Why go Boating?

Do you remember your first fishing or boating trip? Ask anyone to tell the story of who first took them boating or fishing - chances are good the story is deeply personal and meaningful.

Over a dozen studies have shown that being with family and friends, relaxing and being outdoors and close to nature are the primary reasons people spend time on the water. A family doesn’t have to spend a fortune on a theme park vacation to have an experience that everyone will enjoy. Although your first meeting with Mickey Mouse will probably be memorable, chances are it will pale in comparison to memories of spending time on the water with the people you love.

Time spent fishing and boating connects family and friends
You know how important it is to spend quality time with family and friends. Many of us have seen how outdoor recreation strengthens the family as a unit and children as individuals. So it comes as no surprise that studies have consistently shown that involvement with family members and friends is a primary reason people go boating and fishing.

On the water, there are no cars, no rush hour, no deadlines and a chance to relax
There are news stories every week about the stress and time crunch felt by working Americans and their families. People are searching for ways to escape the daily routine, be closer to nature and focus more on family and relationships. Studies show that people who participate frequently in outdoor recreation are more satisfied with life overall. For a weeklong vacation or just a quiet Saturday morning, recreational fishing and boating are great ways to "get away from it all."

Fishing and boating enhance appreciation for the natural world
Many Americans see outdoor recreation as one of the main reasons to protect the environment. Nearly nine in ten Americans say outdoor recreation benefits the environment because it gives people a reason to care about the resources upon which their activities depend.
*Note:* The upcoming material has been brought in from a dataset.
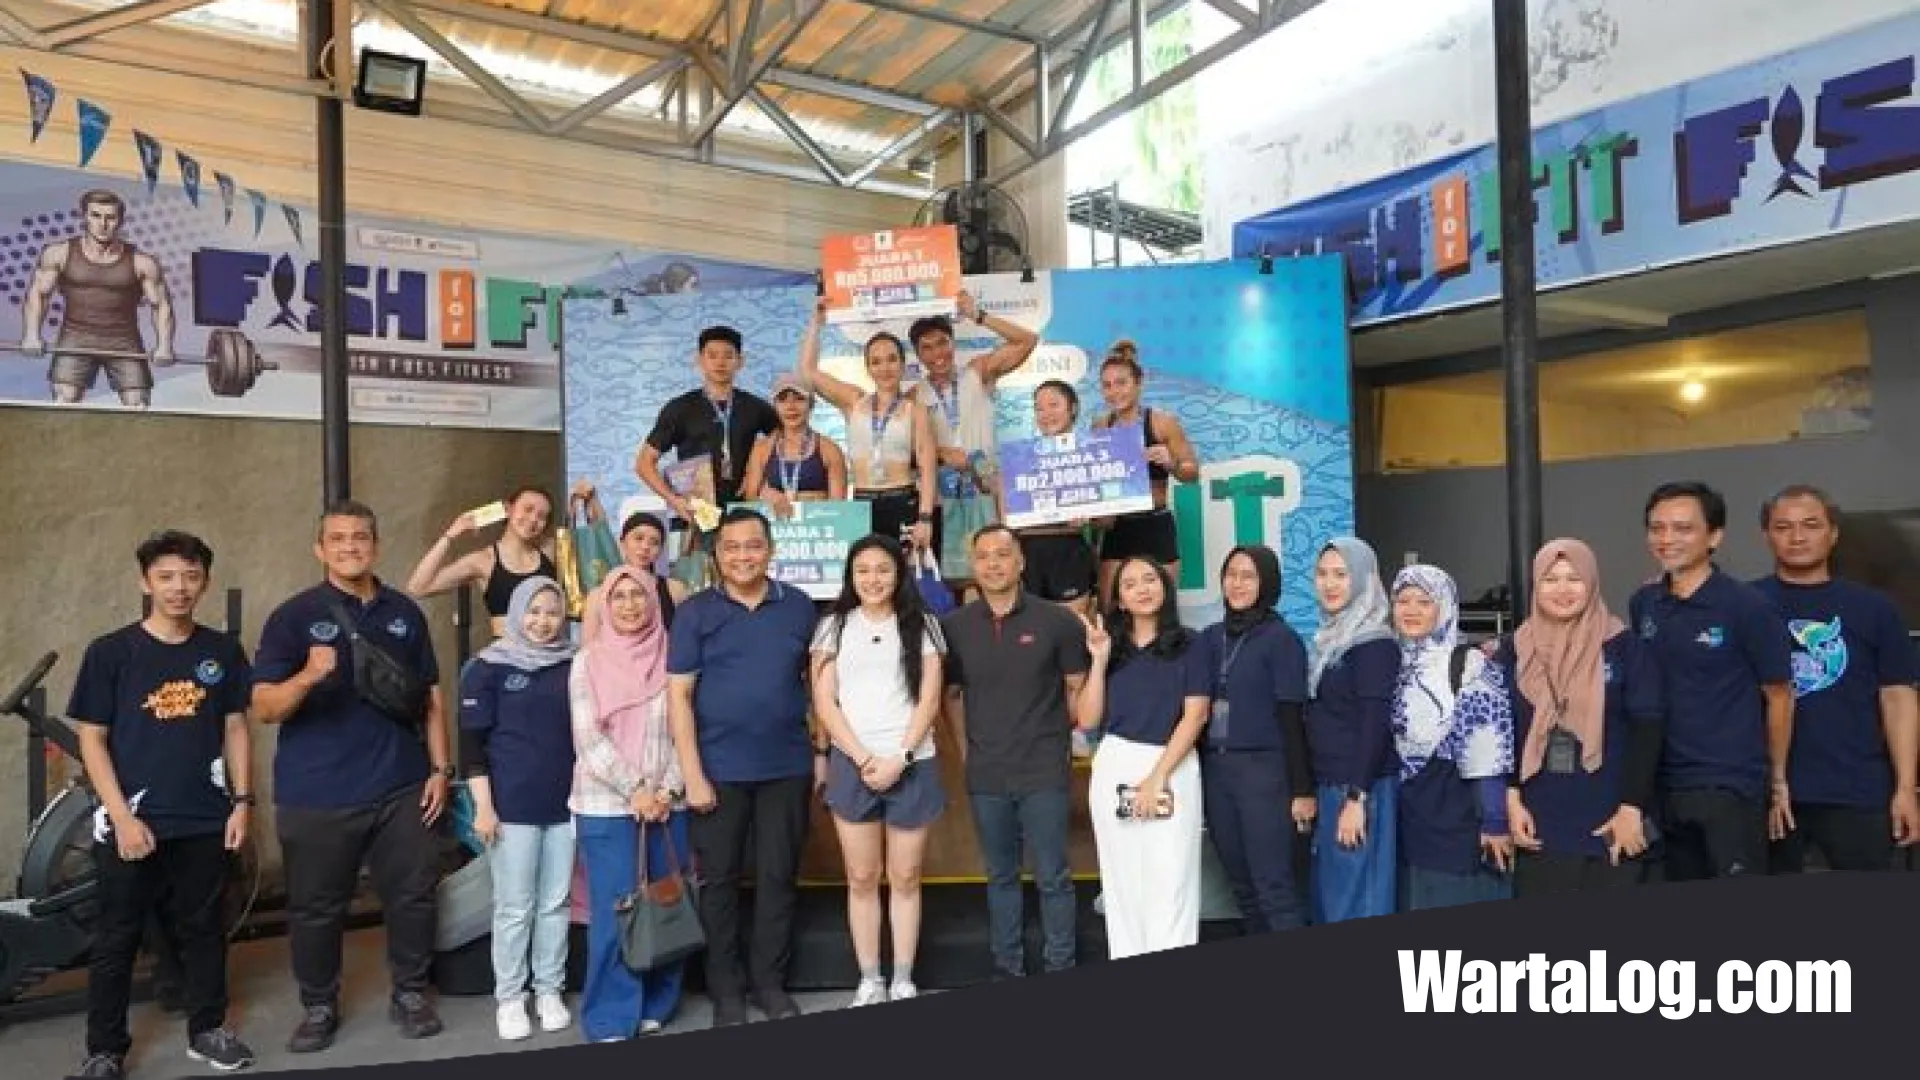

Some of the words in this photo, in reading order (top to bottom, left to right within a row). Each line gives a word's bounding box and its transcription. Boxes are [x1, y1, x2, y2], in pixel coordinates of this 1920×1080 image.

[1036, 356, 1071, 373] BNI
[771, 525, 820, 538] UARA
[1173, 471, 1284, 590] IT
By participating, anglers and boaters provide vital funding
Fewer than 10 percent of recreational anglers and boaters are aware that their participation plays a vital role in sustaining resources and promoting safe and responsible use of our nation’s waters. On average, 83 percent of state fish and wildlife agencies’ total freshwater fisheries/aquatic resource management budget is supported by fishing license sales and Sport Fish Restoration funds. These funds are derived from motorboat fuel taxes and a special excise tax on fishing tackle and equipment. Sport Fish Restoration funds also support boater education and safety programs around the country.